Portable hyperbaric chamber

by Schneider, William C; Locke, James P.; De La Fuente, Horacio M;



ORIGIN OF THE INVENTION

The invention described herein was made by employees of the United States Government and may be manufactured and used by or for the government of the United States of America for governmental purposes without the payment of any royalties thereon or therefor.

BACKGROUND OF THE INVENTION

1. Field of Invention

This invention relates to a hyperbaric chamber. Specifically, the invention describes a human hyperbaric chamber and airlock system that is lightweight, portable, stowable and collapsible. It provides the atmospheric pressures (over two atmospheres) required for standard hyperbaric medical treatments, including both hypobaric and hyperbaric decompression sickness. The device can be sized to contain at least one patient and attending medic(s).

2. Background Information and Related Art

Humans can experience altered atmospheric pressures in several environments (aviation, submarine operations, spacecraft, extravehicular space activities, scuba diving, etc.) Decompression sickness can develop under these conditions, occasionally leading to serious or fatal injury. Hyperbaric chambers are successfully used to treat decompression sickness.

Conventional hyperbaric chambers, made of solid metal, are heavy, have permanently high volume, and are not readily portable. For remote operational environments (International Space Station; civilian, commercial and military diving operations), conventional hyperbaric treatment chambers are often unavailable because of their lack of portability. A lightweight, portable, collapsible chamber would provide much-needed decompression sickness treatment capability in remote areas without great weight or stowage penalties. Currently, portable chamber designs exist, but often can not provide maximum standard therapy due to structural and pressure limitations. Their lack of an integral airlock prohibits access to the pressurized patient, thereby markedly decreasing the level of safety and treatment flexibility. Current portable chambers either have a permanent rigid skeleton (which dramatically increases storage volume), or lack internal support (which makes access extremely difficult and unpleasant when the chamber is not pressurized.) Many currently available collapsible chambers are sized for only one occupant (the patient), which limits the ability to treat and care for the patient.

Prior art for flexible hyperbaric chambers includes that described by Santi in U.S. Pat.

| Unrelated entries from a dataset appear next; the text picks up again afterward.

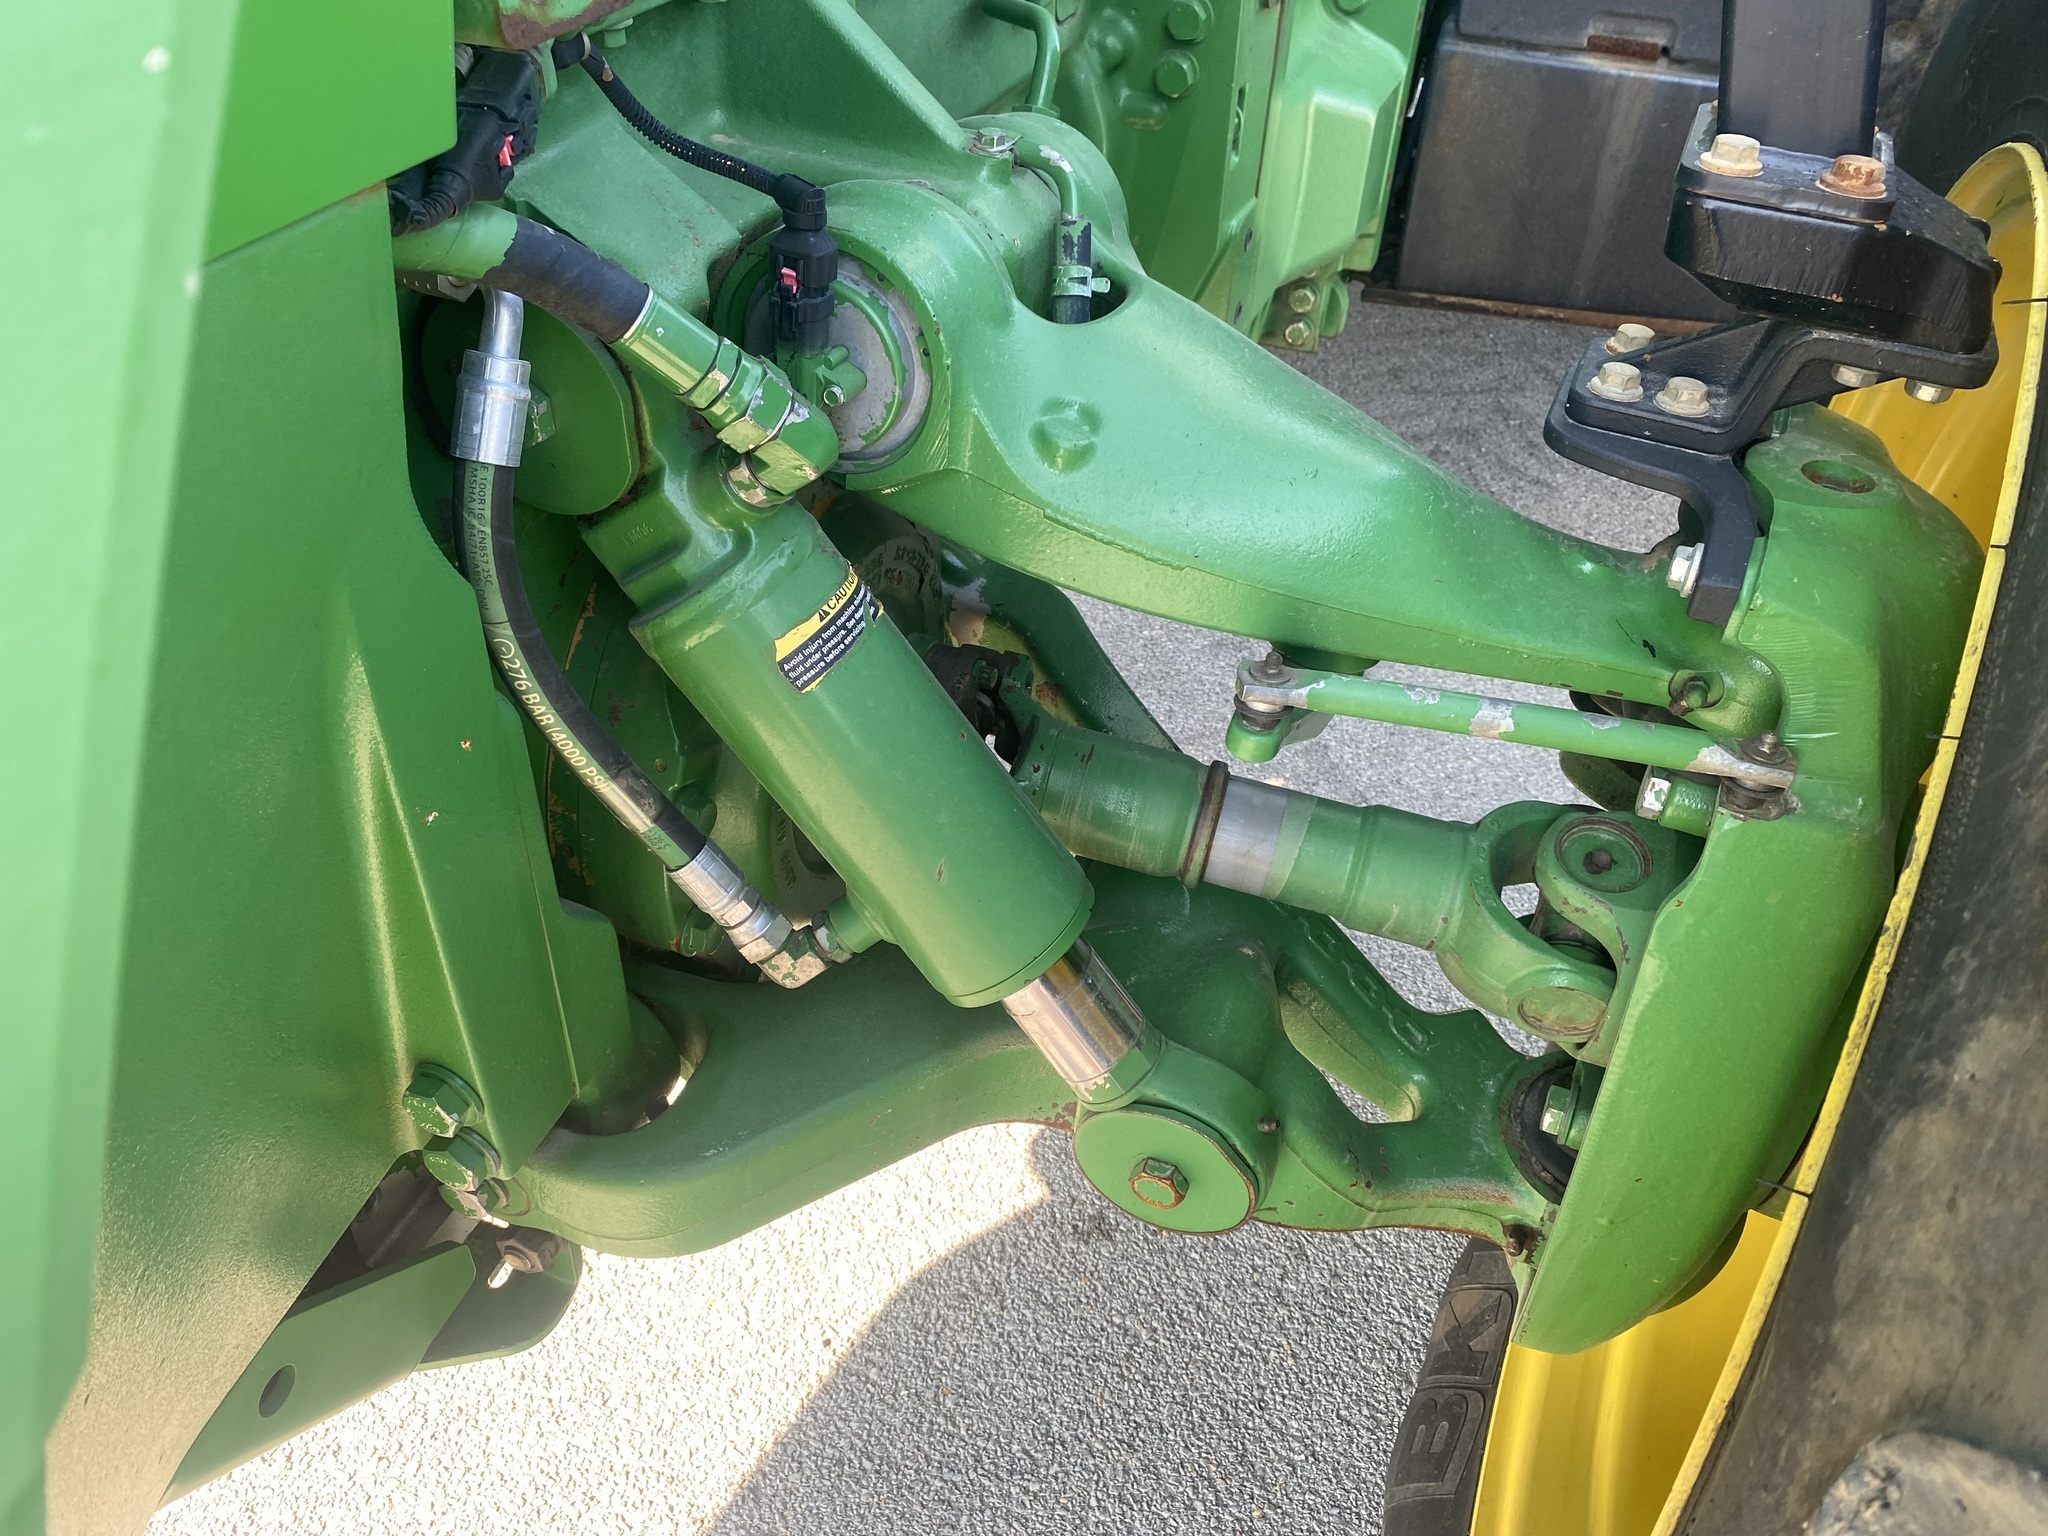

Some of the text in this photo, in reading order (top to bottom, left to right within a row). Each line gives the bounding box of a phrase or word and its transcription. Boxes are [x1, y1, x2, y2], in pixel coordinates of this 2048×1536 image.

[468, 466, 479, 504] MSHA
[477, 477, 488, 520] 100R16
[477, 530, 489, 564] EN857
[482, 568, 494, 586] 2SC
[783, 652, 805, 672] Avoid
[802, 637, 824, 656] injury
[821, 624, 838, 640] from
[835, 604, 856, 627] machine
[788, 664, 805, 679] fluid
[803, 650, 823, 668] under
[821, 629, 848, 655] pressure.
[845, 617, 856, 629] See
[794, 620, 866, 688] pressure before servicing
[502, 658, 613, 793] 276 BAR (4000 PSI)

No. 5,738,093. The present invention differs from the Santi patent in several important respects. First, in Santi the hatch is closed by rotating the hatch engaging threaded sectors. When pressurized, this places a heavy pressure load on the hatch threads, requiring the hatch and supporting structures to be very heavy. Second, the longitudinal and hoop straps supporting the chamber bladder are designed to have large spaces between the straps, requiring the chamber bladder to have a high strength and thickness in order to prevent billowing through the web spaces. Third, the straps are terminated at each end by looping the strap through a slot in a thin metallic fitting and stitching the strap onto itself. The thin metallic fittings are then bolted to the end rings. The slot in the thin metallic fitting forces the webbing to bend in a sharp radius that a) causes a high local stress in the straps, creating potential failure points and reducing the safety margins and b) creates high friction at the interface of the webbing and the thin metallic fitting, causing uneven load sharing between the outside of the loop and the inside of the loop. Fourth, the feed-through provisions for air, instrumentation wiring, pressurization etc. are located in the hatch itself, creating very cumbersome hatch operations due to the restrictive nature of the attached lines to the hatch.

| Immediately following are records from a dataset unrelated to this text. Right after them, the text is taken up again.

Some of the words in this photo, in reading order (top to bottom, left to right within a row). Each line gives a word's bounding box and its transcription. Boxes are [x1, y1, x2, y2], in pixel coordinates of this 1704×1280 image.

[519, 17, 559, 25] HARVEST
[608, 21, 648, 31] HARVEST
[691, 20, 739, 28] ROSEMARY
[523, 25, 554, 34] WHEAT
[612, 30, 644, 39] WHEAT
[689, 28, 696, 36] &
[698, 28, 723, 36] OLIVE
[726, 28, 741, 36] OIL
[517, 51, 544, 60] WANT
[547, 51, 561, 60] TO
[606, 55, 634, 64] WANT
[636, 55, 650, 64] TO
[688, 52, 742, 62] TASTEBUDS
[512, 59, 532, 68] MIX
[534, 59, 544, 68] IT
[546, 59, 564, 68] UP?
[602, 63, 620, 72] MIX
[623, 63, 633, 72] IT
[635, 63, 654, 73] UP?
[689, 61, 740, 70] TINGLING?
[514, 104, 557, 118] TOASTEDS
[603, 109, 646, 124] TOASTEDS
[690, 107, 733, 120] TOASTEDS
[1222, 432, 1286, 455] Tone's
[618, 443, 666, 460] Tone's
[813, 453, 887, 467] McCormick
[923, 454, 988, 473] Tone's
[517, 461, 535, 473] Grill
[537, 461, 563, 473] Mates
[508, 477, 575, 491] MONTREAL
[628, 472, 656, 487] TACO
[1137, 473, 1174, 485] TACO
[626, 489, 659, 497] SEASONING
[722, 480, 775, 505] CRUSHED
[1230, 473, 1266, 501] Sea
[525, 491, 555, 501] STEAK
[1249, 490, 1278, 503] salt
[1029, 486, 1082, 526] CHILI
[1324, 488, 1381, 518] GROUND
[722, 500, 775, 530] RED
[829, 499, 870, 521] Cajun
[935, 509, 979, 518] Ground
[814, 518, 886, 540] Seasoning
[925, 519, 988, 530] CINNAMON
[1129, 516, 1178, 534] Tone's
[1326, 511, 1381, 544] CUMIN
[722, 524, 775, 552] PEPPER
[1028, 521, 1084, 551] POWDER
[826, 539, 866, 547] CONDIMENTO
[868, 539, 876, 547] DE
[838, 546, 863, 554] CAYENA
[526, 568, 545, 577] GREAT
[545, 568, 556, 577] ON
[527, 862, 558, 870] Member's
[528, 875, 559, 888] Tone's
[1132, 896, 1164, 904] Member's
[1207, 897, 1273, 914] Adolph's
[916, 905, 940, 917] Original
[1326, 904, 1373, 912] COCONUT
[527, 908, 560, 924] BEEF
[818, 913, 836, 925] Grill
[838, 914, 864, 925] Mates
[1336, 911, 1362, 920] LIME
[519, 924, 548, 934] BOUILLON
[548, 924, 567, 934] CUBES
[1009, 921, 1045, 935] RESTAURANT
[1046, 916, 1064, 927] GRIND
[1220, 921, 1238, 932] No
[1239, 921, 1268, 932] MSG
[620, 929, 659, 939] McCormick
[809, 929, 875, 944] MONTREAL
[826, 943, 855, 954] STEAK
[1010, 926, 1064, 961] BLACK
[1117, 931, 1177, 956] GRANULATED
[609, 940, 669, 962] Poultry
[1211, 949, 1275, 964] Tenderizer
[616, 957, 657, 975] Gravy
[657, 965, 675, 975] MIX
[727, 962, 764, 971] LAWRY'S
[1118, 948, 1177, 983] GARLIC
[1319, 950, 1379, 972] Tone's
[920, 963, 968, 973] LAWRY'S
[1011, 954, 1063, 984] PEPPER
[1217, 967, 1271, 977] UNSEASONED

Other examples of inflatable chambers include patents by Cardwell as disclosed in U.S. Pat. No. 5,255,673 and Bleiken in U.S. Pat. No. 3,602,221. Both devices lack any type of internal structural support before they are sealed and pressurized. Thus, when the patient is first placed in the collapsed device, part of the device is lying on top of him. These conditions make positioning the patient and equipment inside the device very difficult, poses a possible suffocation exposure, and can induce dangerous anxiety in claustrophobic individuals. Further, these and other typical prior art inflatable chambers are designed for only one occupant, making the presence of a medical attendant impossible.

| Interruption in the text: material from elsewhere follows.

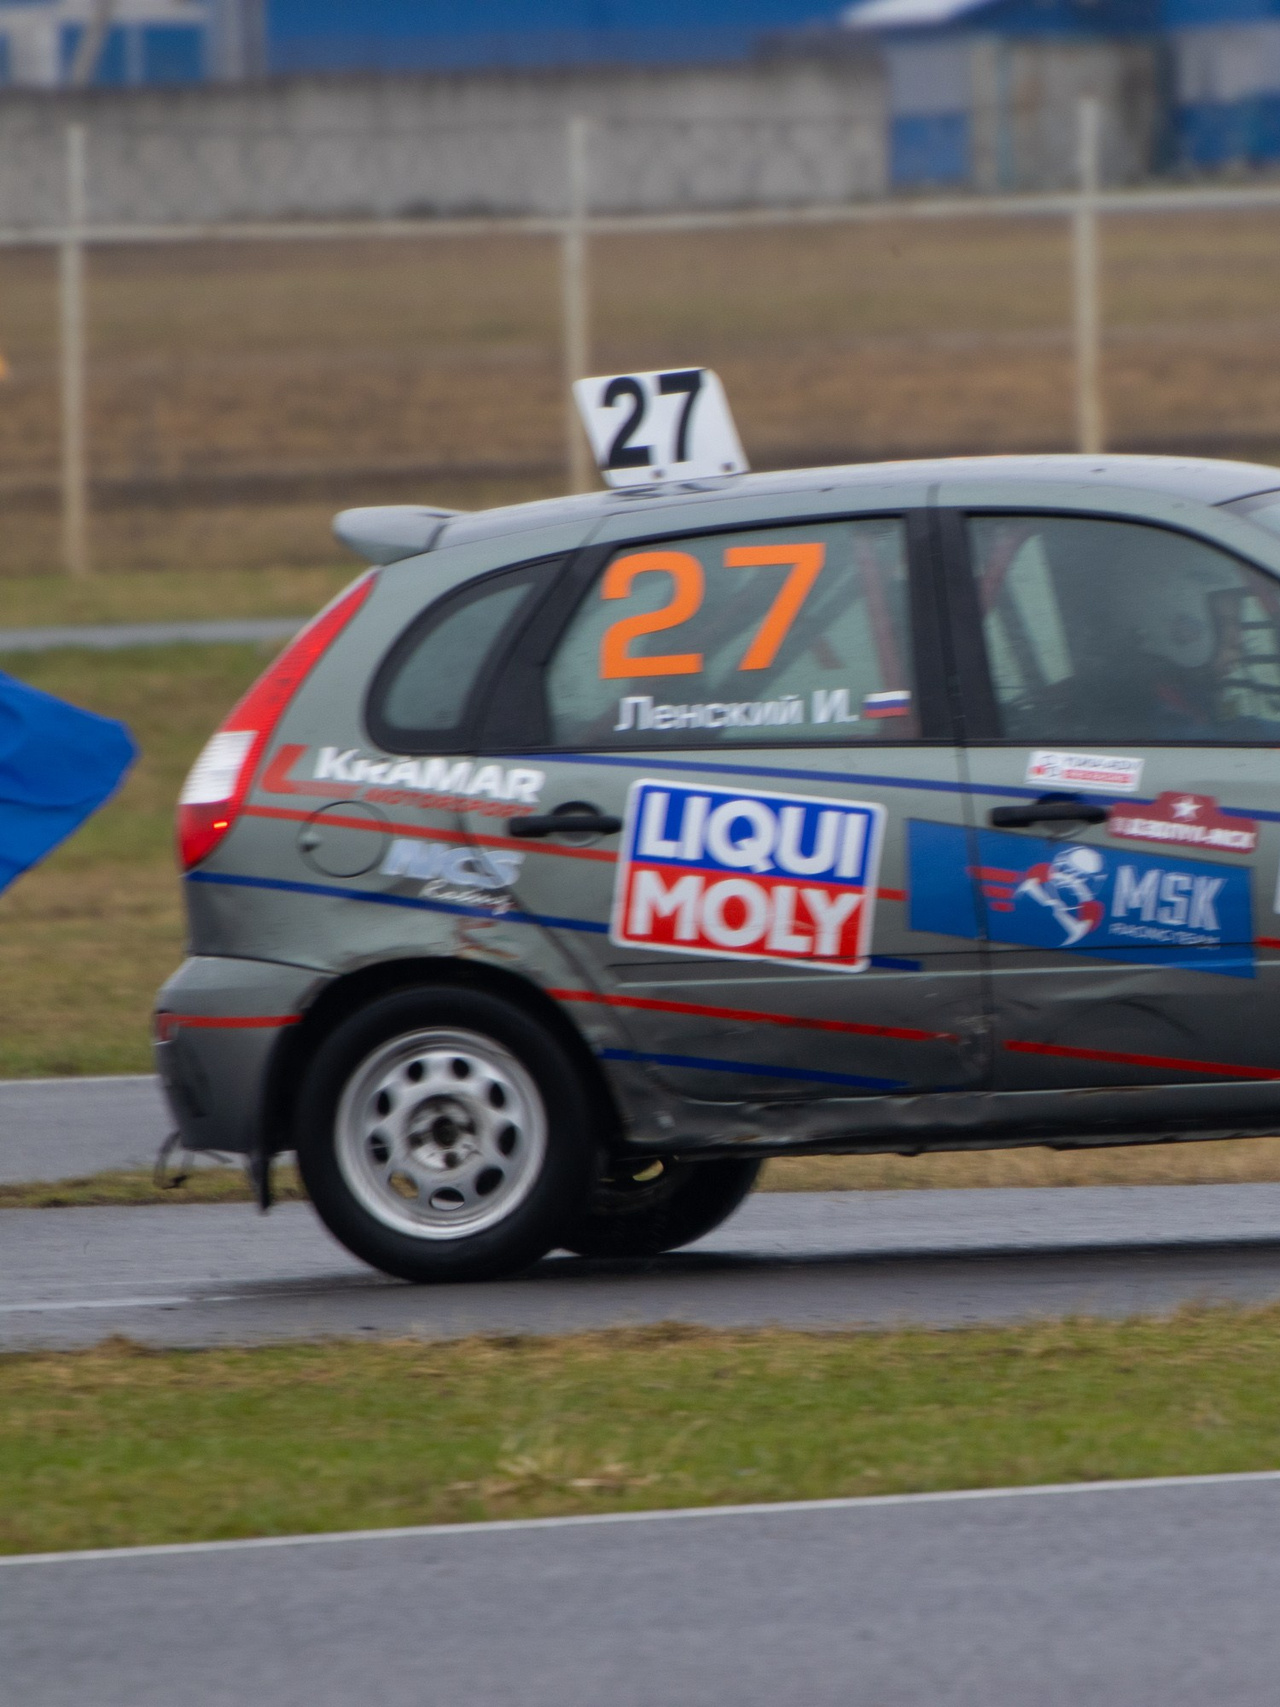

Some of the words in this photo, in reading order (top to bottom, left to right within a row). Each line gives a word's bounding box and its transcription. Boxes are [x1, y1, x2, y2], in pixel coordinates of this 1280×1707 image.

The sealing systems for prior art inflatable chambers have various limitations. Some, such as disclosed by Miller in U.S. Pat. No. 3,729,002, use a zipper and seal system which is zipped and then reinforced by a loop and rod system inserted externally. Such a system creates high local stresses in the flexible fabric, which must therefore be heavy and bulky.

It would thus be a new and useful improvement to a portable hyperbaric chamber to accomplish the above-described purposes without the limitations of the prior art.

BRIEF SUMMARY OF THE INVENTION

Accordingly, the objectives of this invention are to provide, inter alia, a new and improved portable hyperbaric chamber that:

is lightweight;

is portable;

is collapsible and flexible;

can be stored flat with minimal volume;

provides maximum standard hyperbaric treatment conditions for one patient and an attending medic;

contains an integral airlock for access to the main chamber by personnel and/or equipment;

includes conduits that provide air, medical oxygen, electrical power and communication to both the airlock and chamber;

includes transparent viewports in both the airlock and chamber vessels;

includes hatches that are lightweight and easily engaged and disengaged; and

utilizes multilayer construction of flexible materials that provide an extremely sturdy pressure vessel.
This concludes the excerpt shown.